How could the director of this film not know that he was promoting an idea dear to the agendas of rightwing think tanks and ALEC?
The Los Angeles Times published a review–maybe it is an article, not a review, it is hard to tell–of the anti-union, anti-public education film “Won’t Back Down.” The article reaches no judgments about anything, other than the opening box office, which does not look good.
It says that critics claim the film is anti-union, but its director and writer don’t agree. Critics say that the producer is a rightwing zealot, but the director and writer say it doesn’t matter. Presumably the conservative billionaire Philip Anschutz, who also underwrote “Waiting for Superman,” just wanted an inspiring parent-teacher story. An uplifting story about how parents and teachers together can take over their public school and give it to a private corporation and live happily ever happy.

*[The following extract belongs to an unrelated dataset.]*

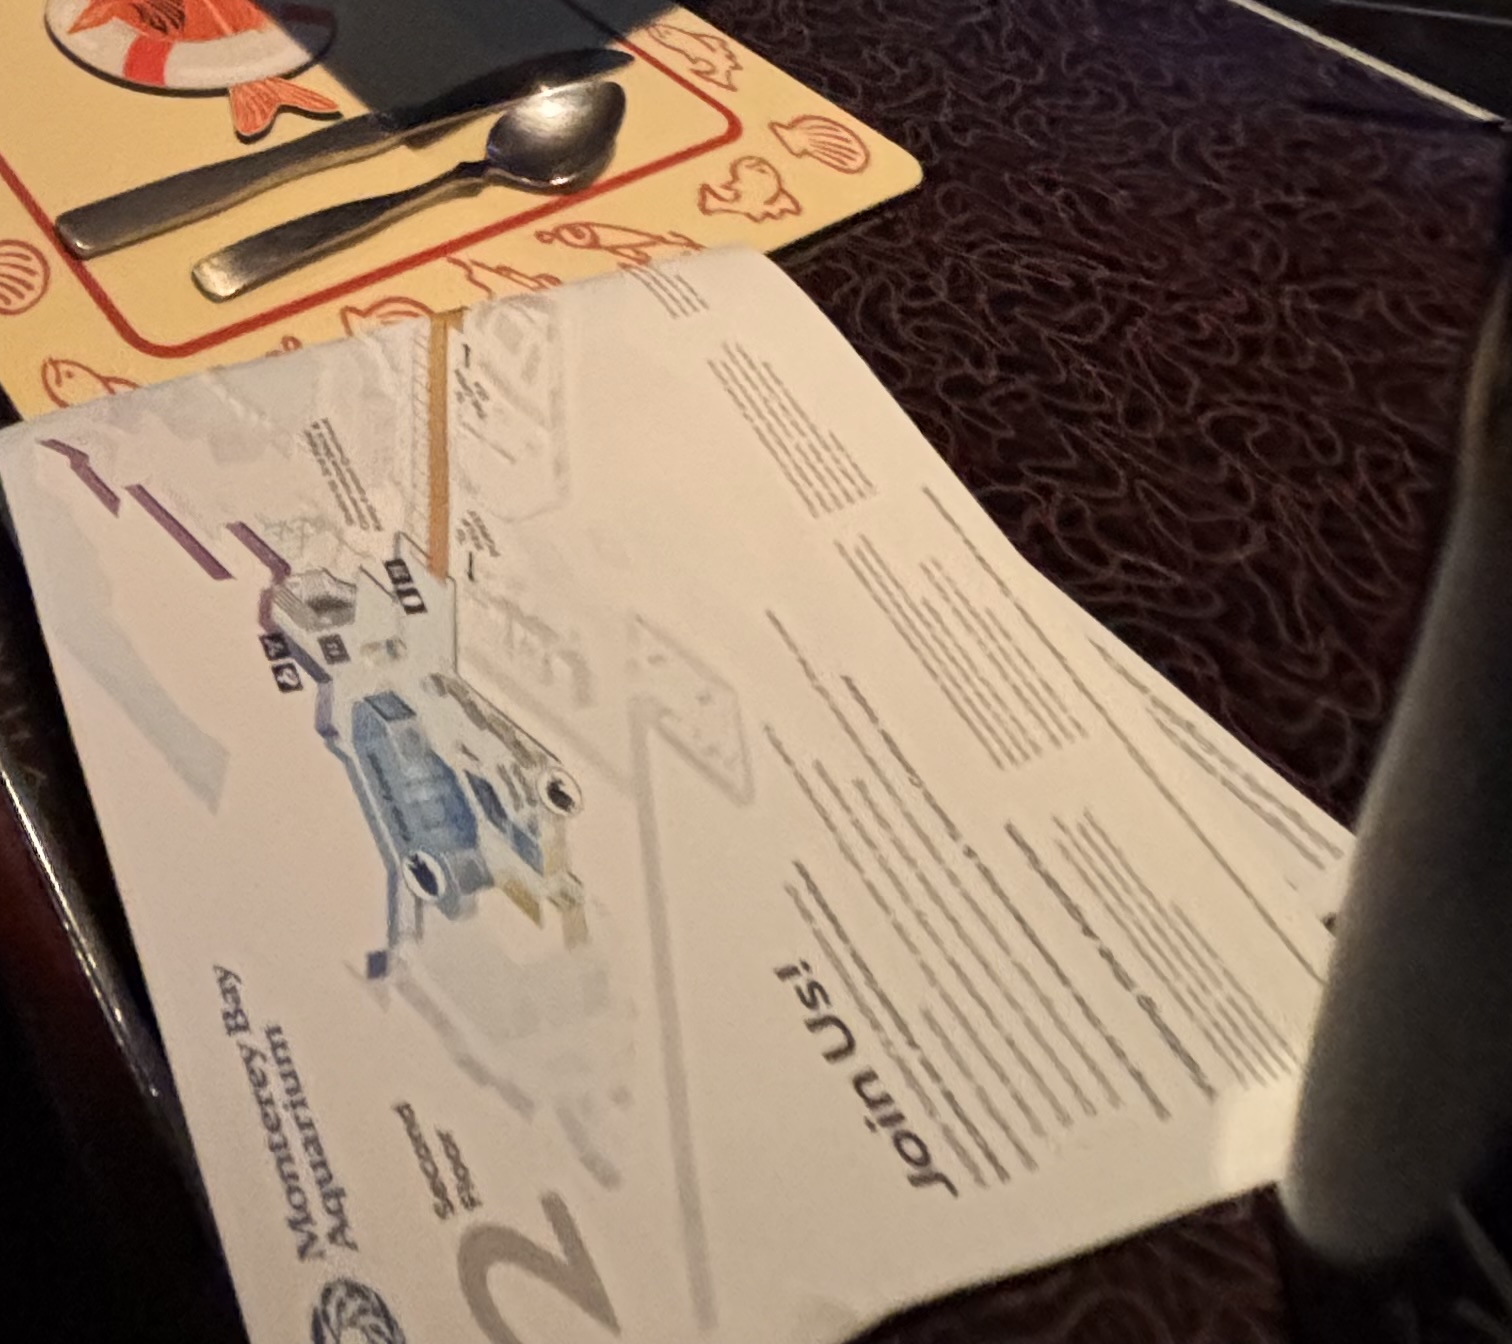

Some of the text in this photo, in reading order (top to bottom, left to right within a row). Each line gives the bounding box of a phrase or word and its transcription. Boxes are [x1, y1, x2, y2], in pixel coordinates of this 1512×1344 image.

Anyone who knows anything about education issues knows that the point of the story is to promote the “parent trigger” law, which has converted no school anywhere as yet. The “parent trigger” law was first passed in California, and is now model legislation heavily supported by the far-right group ALEC and the equally far-right group Heartland Institute. But ALEC and Heartland and Anschutz don’t have a political agenda.
But here is the good news:
Opening weekend expectations for “Won’t Back Down” remain soft, with the $19-million movie on track to pull in less than $5 million when it opens against the sci-fi time travel film “Looper” and the animated comedy “Hotel Transylvania.”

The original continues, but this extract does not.